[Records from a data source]

***

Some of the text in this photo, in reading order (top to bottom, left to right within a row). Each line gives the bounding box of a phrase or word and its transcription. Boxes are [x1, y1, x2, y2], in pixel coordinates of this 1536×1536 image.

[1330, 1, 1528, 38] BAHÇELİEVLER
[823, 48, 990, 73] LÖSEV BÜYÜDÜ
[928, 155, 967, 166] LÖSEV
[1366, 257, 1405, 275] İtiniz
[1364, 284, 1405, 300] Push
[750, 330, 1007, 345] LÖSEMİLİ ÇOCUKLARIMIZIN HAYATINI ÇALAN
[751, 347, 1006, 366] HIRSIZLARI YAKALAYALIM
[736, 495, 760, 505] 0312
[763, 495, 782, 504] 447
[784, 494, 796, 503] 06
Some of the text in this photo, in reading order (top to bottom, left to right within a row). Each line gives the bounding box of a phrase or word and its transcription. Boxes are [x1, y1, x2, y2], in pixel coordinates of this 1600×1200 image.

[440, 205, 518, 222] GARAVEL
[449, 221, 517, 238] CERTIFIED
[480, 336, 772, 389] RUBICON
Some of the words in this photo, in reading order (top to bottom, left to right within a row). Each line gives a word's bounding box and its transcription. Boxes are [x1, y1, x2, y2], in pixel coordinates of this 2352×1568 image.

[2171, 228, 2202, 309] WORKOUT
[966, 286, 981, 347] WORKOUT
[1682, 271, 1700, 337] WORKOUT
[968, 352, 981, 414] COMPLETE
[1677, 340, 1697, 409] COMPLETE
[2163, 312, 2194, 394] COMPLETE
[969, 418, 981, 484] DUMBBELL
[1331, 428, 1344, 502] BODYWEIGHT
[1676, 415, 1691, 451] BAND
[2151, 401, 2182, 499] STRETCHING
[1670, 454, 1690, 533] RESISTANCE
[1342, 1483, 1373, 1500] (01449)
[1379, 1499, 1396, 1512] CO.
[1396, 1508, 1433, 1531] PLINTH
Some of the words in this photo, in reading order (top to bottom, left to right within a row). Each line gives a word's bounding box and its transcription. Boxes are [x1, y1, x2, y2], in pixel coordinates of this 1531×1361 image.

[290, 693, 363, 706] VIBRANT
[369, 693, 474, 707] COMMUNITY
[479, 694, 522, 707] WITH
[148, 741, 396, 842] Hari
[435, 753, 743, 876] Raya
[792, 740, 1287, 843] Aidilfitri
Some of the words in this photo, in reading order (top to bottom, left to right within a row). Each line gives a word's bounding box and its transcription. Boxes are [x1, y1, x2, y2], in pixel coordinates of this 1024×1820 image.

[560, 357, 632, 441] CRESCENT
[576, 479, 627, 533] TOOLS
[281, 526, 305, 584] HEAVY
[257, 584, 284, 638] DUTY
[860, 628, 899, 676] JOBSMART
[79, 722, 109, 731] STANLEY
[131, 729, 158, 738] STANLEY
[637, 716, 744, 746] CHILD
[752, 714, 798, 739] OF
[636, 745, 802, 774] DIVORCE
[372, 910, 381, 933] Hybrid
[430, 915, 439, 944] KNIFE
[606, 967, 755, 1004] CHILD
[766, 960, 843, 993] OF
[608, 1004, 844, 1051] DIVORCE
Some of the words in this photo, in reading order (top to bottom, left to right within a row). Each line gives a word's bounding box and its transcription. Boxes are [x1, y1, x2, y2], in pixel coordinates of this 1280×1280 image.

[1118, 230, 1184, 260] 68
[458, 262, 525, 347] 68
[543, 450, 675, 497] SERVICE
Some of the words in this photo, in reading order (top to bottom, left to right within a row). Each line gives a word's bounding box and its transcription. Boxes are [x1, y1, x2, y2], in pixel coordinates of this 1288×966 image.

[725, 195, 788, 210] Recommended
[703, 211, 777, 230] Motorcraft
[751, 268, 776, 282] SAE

***

**What you will do**
A verbatim copy of all the entries is the expected result.

**Task output**
Some of the text in this photo, in reading order (top to bottom, left to right within a row). Each line gives the bounding box of a phrase or word and its transcription. Boxes are [x1, y1, x2, y2], in pixel coordinates of this 1536×1536 image.

[1330, 1, 1528, 38] BAHÇELİEVLER
[823, 48, 990, 73] LÖSEV BÜYÜDÜ
[928, 155, 967, 166] LÖSEV
[1366, 257, 1405, 275] İtiniz
[1364, 284, 1405, 300] Push
[750, 330, 1007, 345] LÖSEMİLİ ÇOCUKLARIMIZIN HAYATINI ÇALAN
[751, 347, 1006, 366] HIRSIZLARI YAKALAYALIM
[736, 495, 760, 505] 0312
[763, 495, 782, 504] 447
[784, 494, 796, 503] 06
Some of the text in this photo, in reading order (top to bottom, left to right within a row). Each line gives the bounding box of a phrase or word and its transcription. Boxes are [x1, y1, x2, y2], in pixel coordinates of this 1600×1200 image.

[440, 205, 518, 222] GARAVEL
[449, 221, 517, 238] CERTIFIED
[480, 336, 772, 389] RUBICON
Some of the words in this photo, in reading order (top to bottom, left to right within a row). Each line gives a word's bounding box and its transcription. Boxes are [x1, y1, x2, y2], in pixel coordinates of this 2352×1568 image.

[2171, 228, 2202, 309] WORKOUT
[966, 286, 981, 347] WORKOUT
[1682, 271, 1700, 337] WORKOUT
[968, 352, 981, 414] COMPLETE
[1677, 340, 1697, 409] COMPLETE
[2163, 312, 2194, 394] COMPLETE
[969, 418, 981, 484] DUMBBELL
[1331, 428, 1344, 502] BODYWEIGHT
[1676, 415, 1691, 451] BAND
[2151, 401, 2182, 499] STRETCHING
[1670, 454, 1690, 533] RESISTANCE
[1342, 1483, 1373, 1500] (01449)
[1379, 1499, 1396, 1512] CO.
[1396, 1508, 1433, 1531] PLINTH
Some of the words in this photo, in reading order (top to bottom, left to right within a row). Each line gives a word's bounding box and its transcription. Boxes are [x1, y1, x2, y2], in pixel coordinates of this 1531×1361 image.

[290, 693, 363, 706] VIBRANT
[369, 693, 474, 707] COMMUNITY
[479, 694, 522, 707] WITH
[148, 741, 396, 842] Hari
[435, 753, 743, 876] Raya
[792, 740, 1287, 843] Aidilfitri
Some of the words in this photo, in reading order (top to bottom, left to right within a row). Each line gives a word's bounding box and its transcription. Boxes are [x1, y1, x2, y2], in pixel coordinates of this 1024×1820 image.

[560, 357, 632, 441] CRESCENT
[576, 479, 627, 533] TOOLS
[281, 526, 305, 584] HEAVY
[257, 584, 284, 638] DUTY
[860, 628, 899, 676] JOBSMART
[79, 722, 109, 731] STANLEY
[131, 729, 158, 738] STANLEY
[637, 716, 744, 746] CHILD
[752, 714, 798, 739] OF
[636, 745, 802, 774] DIVORCE
[372, 910, 381, 933] Hybrid
[430, 915, 439, 944] KNIFE
[606, 967, 755, 1004] CHILD
[766, 960, 843, 993] OF
[608, 1004, 844, 1051] DIVORCE
Some of the words in this photo, in reading order (top to bottom, left to right within a row). Each line gives a word's bounding box and its transcription. Boxes are [x1, y1, x2, y2], in pixel coordinates of this 1280×1280 image.

[1118, 230, 1184, 260] 68
[458, 262, 525, 347] 68
[543, 450, 675, 497] SERVICE
Some of the words in this photo, in reading order (top to bottom, left to right within a row). Each line gives a word's bounding box and its transcription. Boxes are [x1, y1, x2, y2], in pixel coordinates of this 1288×966 image.

[725, 195, 788, 210] Recommended
[703, 211, 777, 230] Motorcraft
[751, 268, 776, 282] SAE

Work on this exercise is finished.